In March 2013, the European Commission set up an Expert Group of which BIPAR was a member, tasked with analysing whether differences in the insurance contract laws of the Member States created an obstacle to European cross-border trade in insurance products and which (if any) insurance areas (non-life and life) were likely to be affected by such obstacles. On 27 February 2014 the Expert Group delivered its report.
Main findings of the report on European Insurance Contract Law
BIPAR welcomed two conclusions, in particular, of the Expert Group that contract law is only one obstacle to cross-border insurance within the EU, among many more important ones and that insurance products for large risks are already widely distributed on a cross-border basis.

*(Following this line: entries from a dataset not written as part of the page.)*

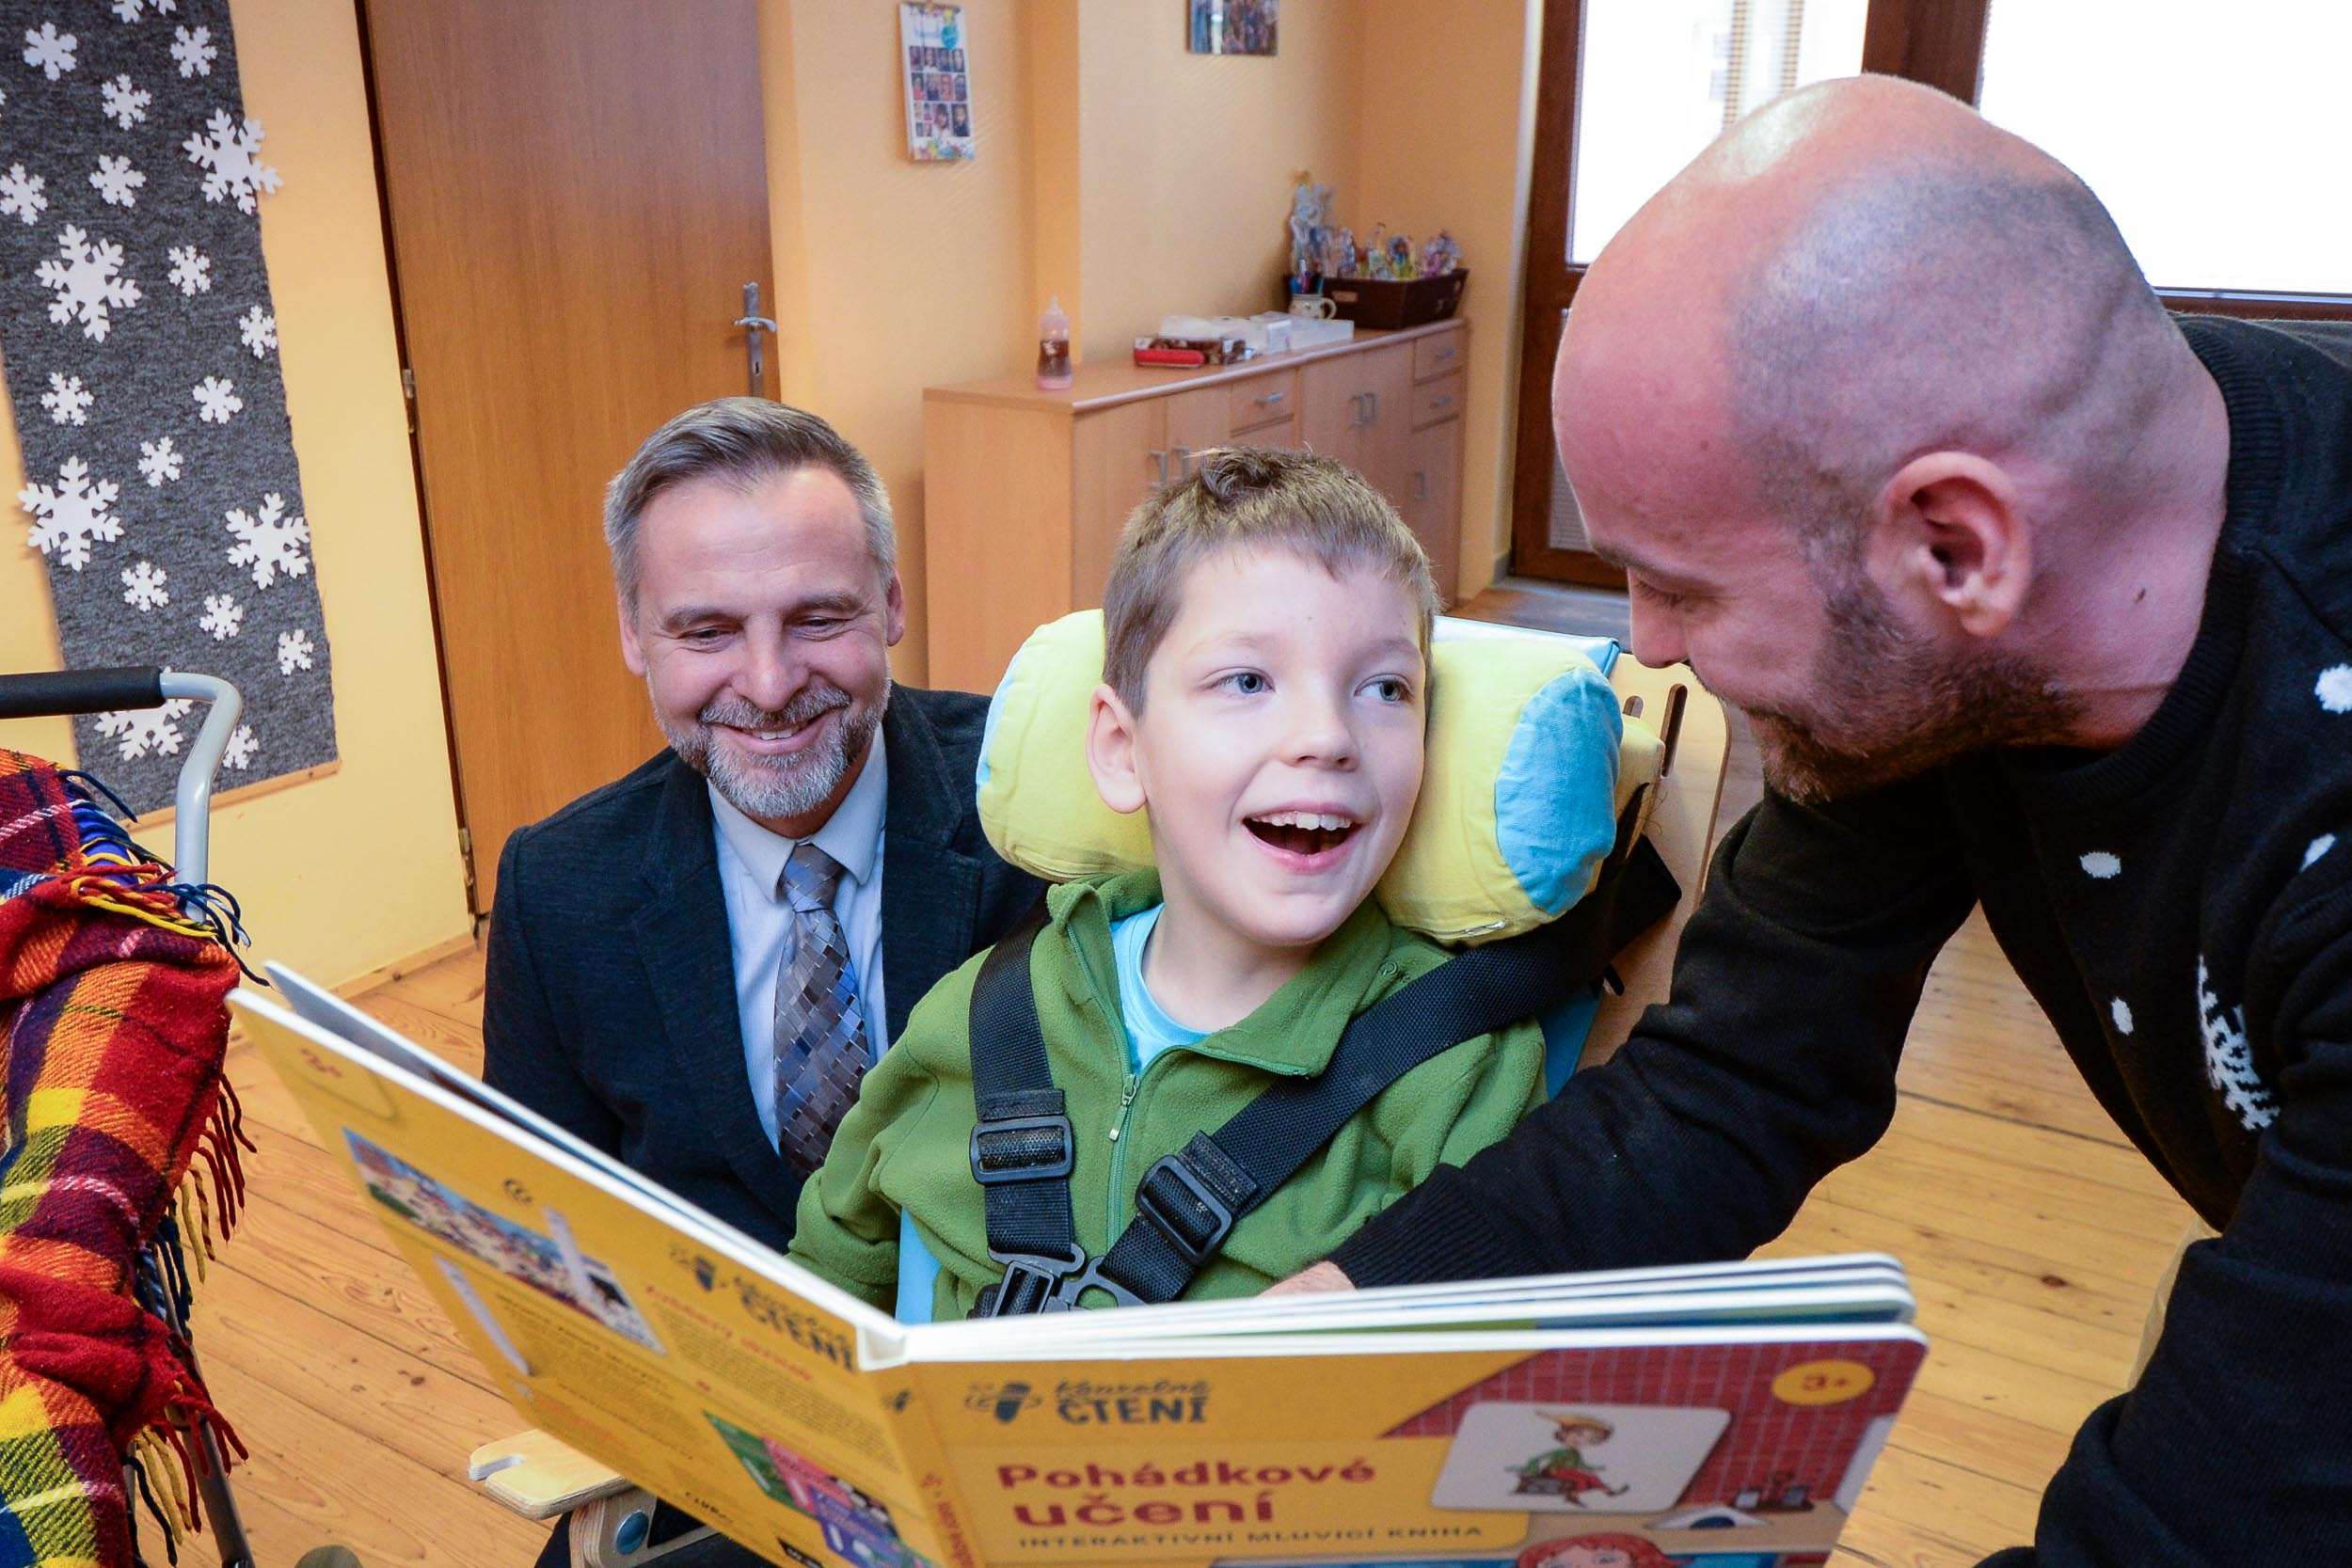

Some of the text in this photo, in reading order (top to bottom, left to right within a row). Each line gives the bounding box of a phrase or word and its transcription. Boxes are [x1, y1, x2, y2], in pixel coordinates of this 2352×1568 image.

[1803, 1373, 1851, 1392] 3+
[1056, 1396, 1208, 1425] ČTENÍ
[997, 1457, 1376, 1489] Pohádkové
[1012, 1490, 1275, 1528] učení
[1388, 1525, 1483, 1538] KNIHA

Further to the publication of the report, at the end of August 2014, the European Commission issued an open call for tender for an economic study on the impact of differences in insurance contract law on cross-border trade in the insurance sector. The purpose of the study was to collect data and, from an economic perspective, analyse the existence and extent of possible problems for concluding cross-border contracts. In July 2015, the Commission announced that none of the received offers to its open call for tenders could be considered as acceptable.
Next steps
It is unlikely that the European Commission will propose a Regulation on a possible optional European Insurance contract law regime in 2016/2017. Should this regime be developed one day, BIPAR believes that it is crucial that it is truly designed to be “distribution channels’ neutral”.